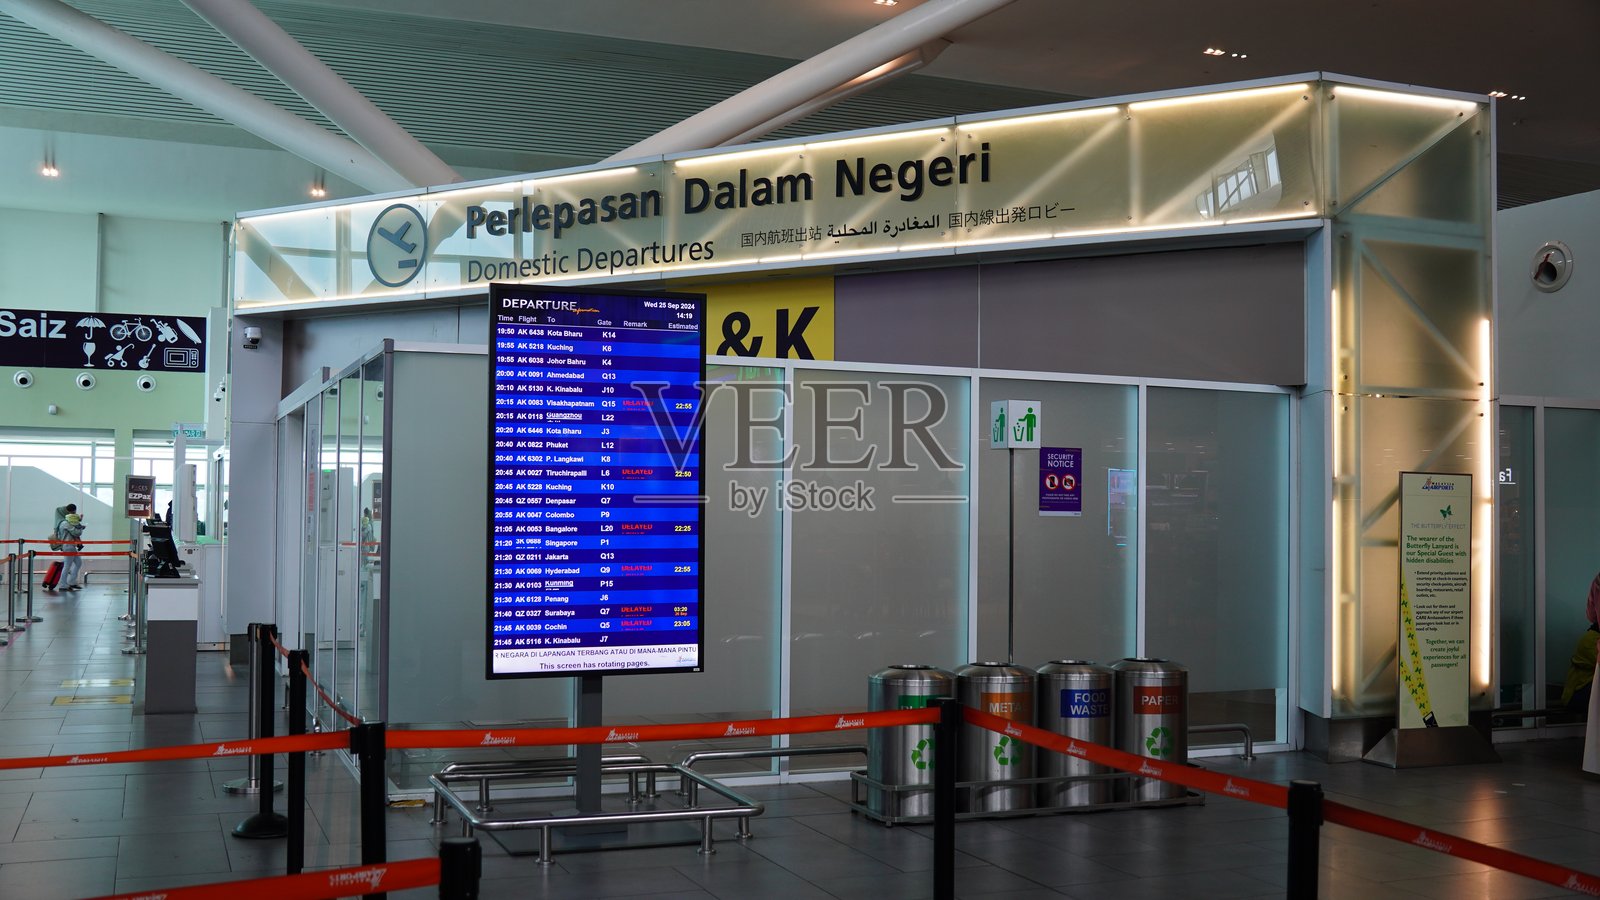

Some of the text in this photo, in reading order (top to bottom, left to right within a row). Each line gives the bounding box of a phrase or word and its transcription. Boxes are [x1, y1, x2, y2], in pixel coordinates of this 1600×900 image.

[466, 142, 991, 239] Perlepasan Dalam Negeri
[949, 203, 1076, 229] 国内線出発ロビー
[827, 215, 940, 243] المغادرة المحلية
[741, 226, 822, 247] 国内航班出站
[468, 240, 714, 282] Domestic Departures
[502, 298, 577, 311] DEPARTURE
[667, 302, 679, 310] Sep
[0, 310, 67, 339] Saiz
[518, 315, 537, 323] Flight
[623, 320, 648, 328] Remark
[668, 322, 699, 330] Estimated
[547, 344, 573, 352] Kuching
[1047, 460, 1074, 468] NOTICE
[500, 651, 529, 659] NEGARA
[540, 662, 555, 670] This
[597, 661, 625, 669] rotating
[626, 660, 650, 669] pages.
[1074, 692, 1106, 703] FOOD
[1141, 695, 1178, 706] PAPER
[1070, 704, 1109, 716] WASTE
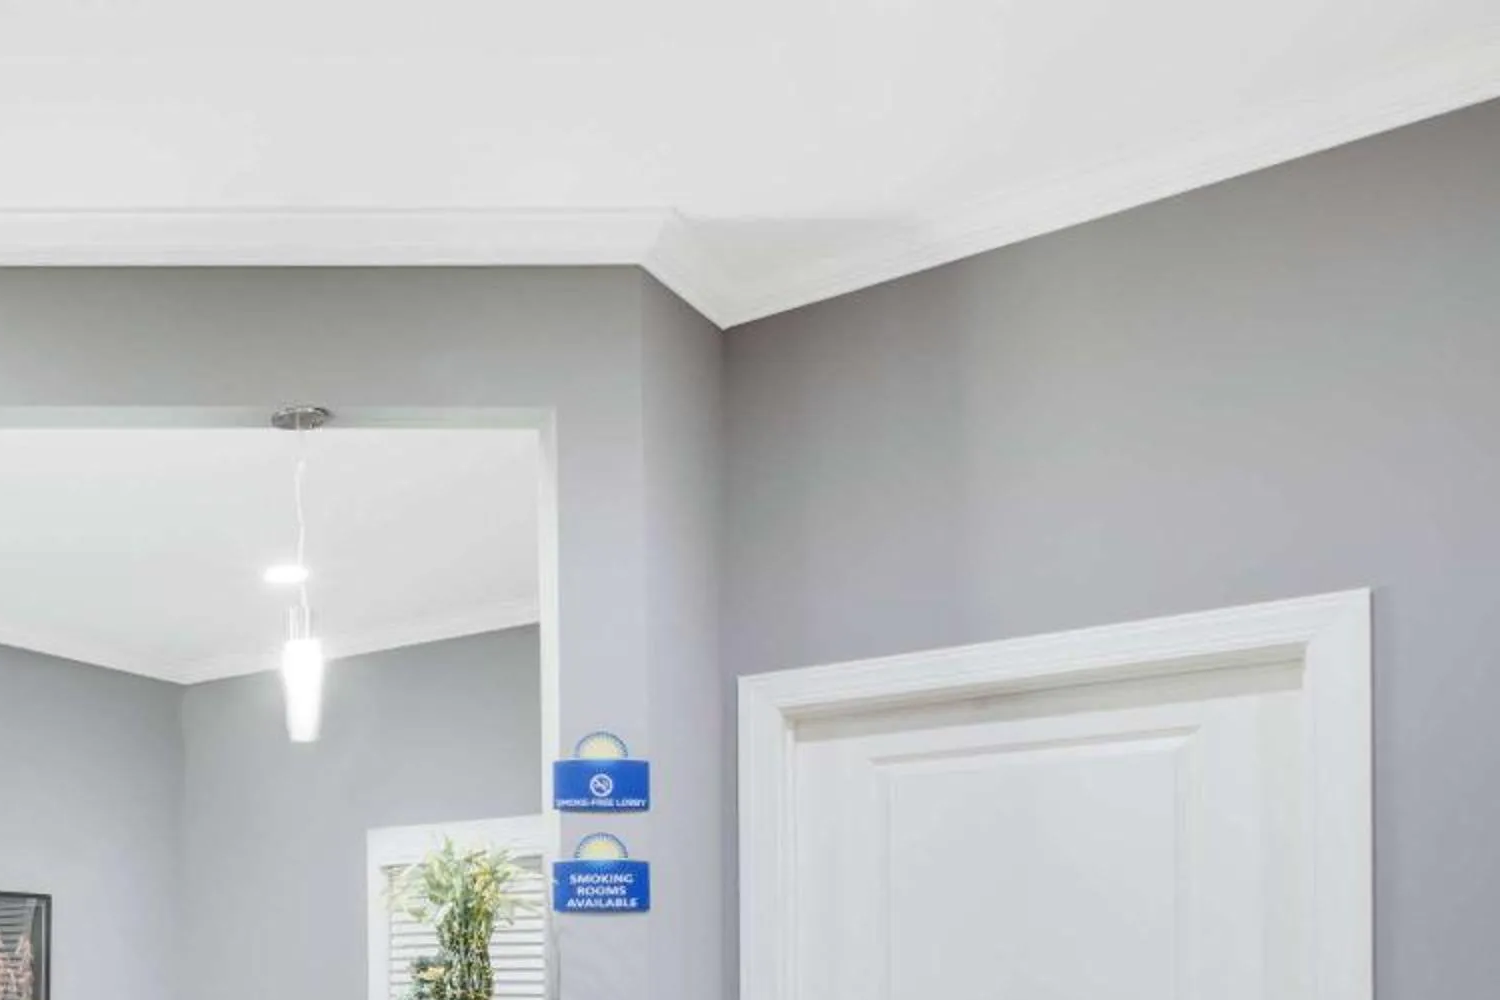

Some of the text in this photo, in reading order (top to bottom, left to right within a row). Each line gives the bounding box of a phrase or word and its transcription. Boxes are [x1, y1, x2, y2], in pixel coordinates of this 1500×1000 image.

About this task: Each record should be printed again precisely, though not its pictures.

Result of this exercise:
Some of the text in this photo, in reading order (top to bottom, left to right within a row). Each line gives the bounding box of a phrase or word and its transcription. Boxes are [x1, y1, x2, y2], in pixel coordinates of this 1600×900 image.

[466, 142, 991, 239] Perlepasan Dalam Negeri
[949, 203, 1076, 229] 国内線出発ロビー
[827, 215, 940, 243] المغادرة المحلية
[741, 226, 822, 247] 国内航班出站
[468, 240, 714, 282] Domestic Departures
[502, 298, 577, 311] DEPARTURE
[667, 302, 679, 310] Sep
[0, 310, 67, 339] Saiz
[518, 315, 537, 323] Flight
[623, 320, 648, 328] Remark
[668, 322, 699, 330] Estimated
[547, 344, 573, 352] Kuching
[1047, 460, 1074, 468] NOTICE
[500, 651, 529, 659] NEGARA
[540, 662, 555, 670] This
[597, 661, 625, 669] rotating
[626, 660, 650, 669] pages.
[1074, 692, 1106, 703] FOOD
[1141, 695, 1178, 706] PAPER
[1070, 704, 1109, 716] WASTE

Some of the text in this photo, in reading order (top to bottom, left to right within a row). Each line gives the bounding box of a phrase or word and its transcription. Boxes are [x1, y1, x2, y2], in pixel coordinates of this 1500×1000 image.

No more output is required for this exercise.